WORK TO COMPLETE: Word for word, return each entry that follows, with every image removed.

RECORDED DATA:
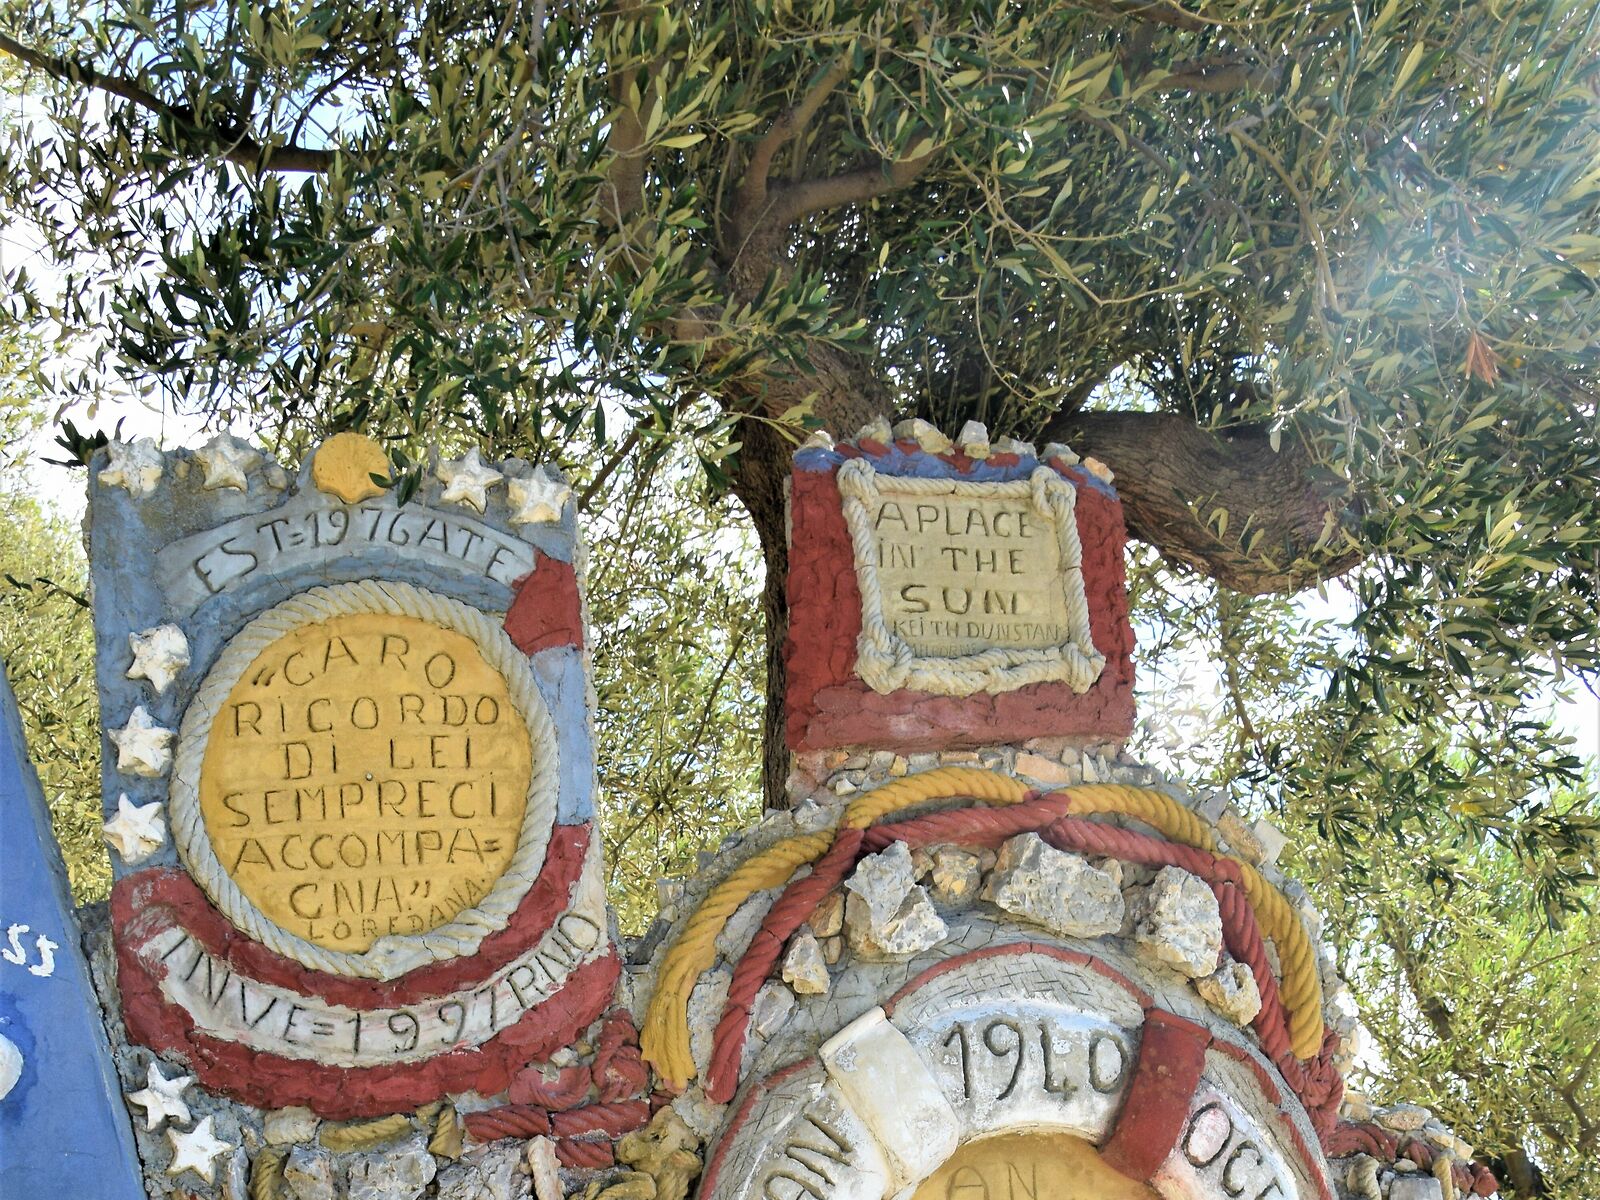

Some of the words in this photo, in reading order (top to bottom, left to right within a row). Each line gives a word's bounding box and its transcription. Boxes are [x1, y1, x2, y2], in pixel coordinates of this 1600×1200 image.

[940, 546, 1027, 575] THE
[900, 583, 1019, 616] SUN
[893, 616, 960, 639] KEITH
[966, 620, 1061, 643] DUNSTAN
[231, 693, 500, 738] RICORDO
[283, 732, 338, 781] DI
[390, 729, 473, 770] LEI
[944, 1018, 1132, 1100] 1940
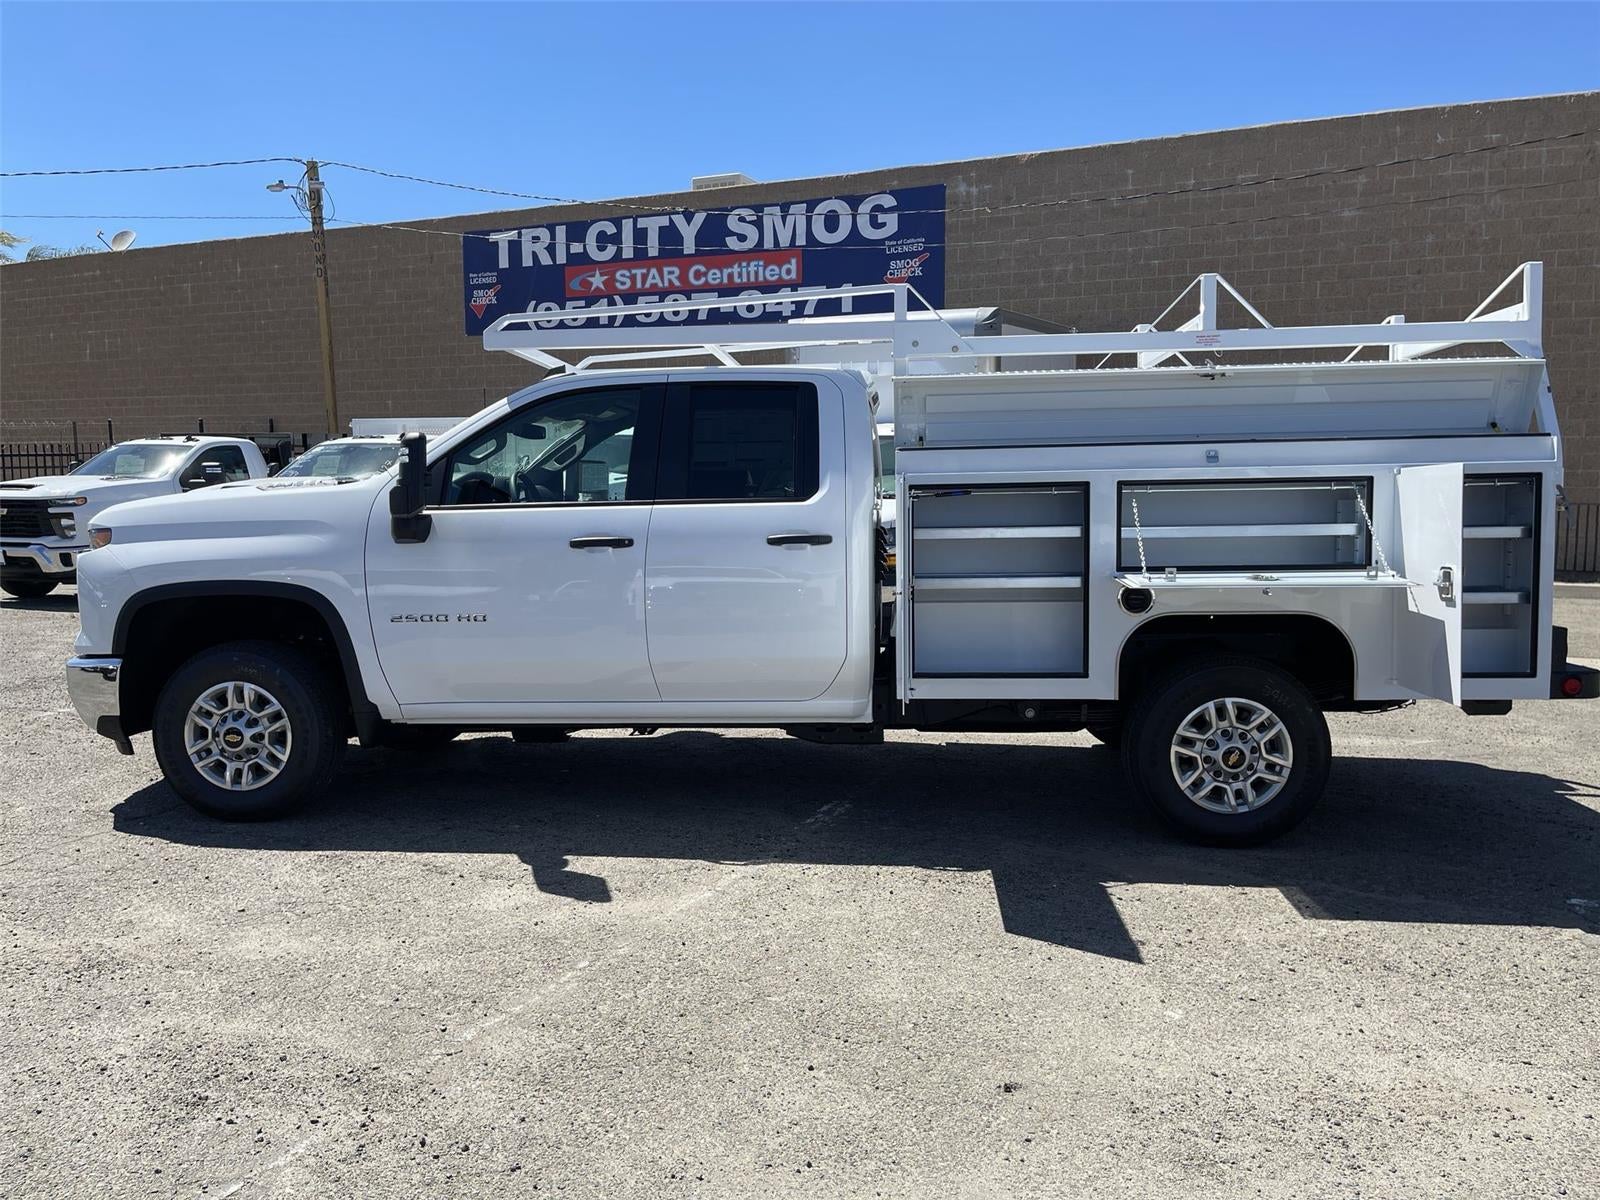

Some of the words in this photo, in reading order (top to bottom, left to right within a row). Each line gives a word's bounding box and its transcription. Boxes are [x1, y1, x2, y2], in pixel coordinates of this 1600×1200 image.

TASK SOLUTION:
Some of the words in this photo, in reading order (top to bottom, left to right within a row). Each line gives a word's bounding box and its transcription. Boxes are [x1, y1, x2, y2], in pixel coordinates of this 1600×1200 image.

[940, 546, 1027, 575] THE
[900, 583, 1019, 616] SUN
[893, 616, 960, 639] KEITH
[966, 620, 1061, 643] DUNSTAN
[231, 693, 500, 738] RICORDO
[283, 732, 338, 781] DI
[390, 729, 473, 770] LEI
[944, 1018, 1132, 1100] 1940

Some of the words in this photo, in reading order (top to bottom, left to right within a row). Each line gives a word's bounding box and its transcription. Boxes are [x1, y1, x2, y2], in pixel coordinates of this 1600×1200 image.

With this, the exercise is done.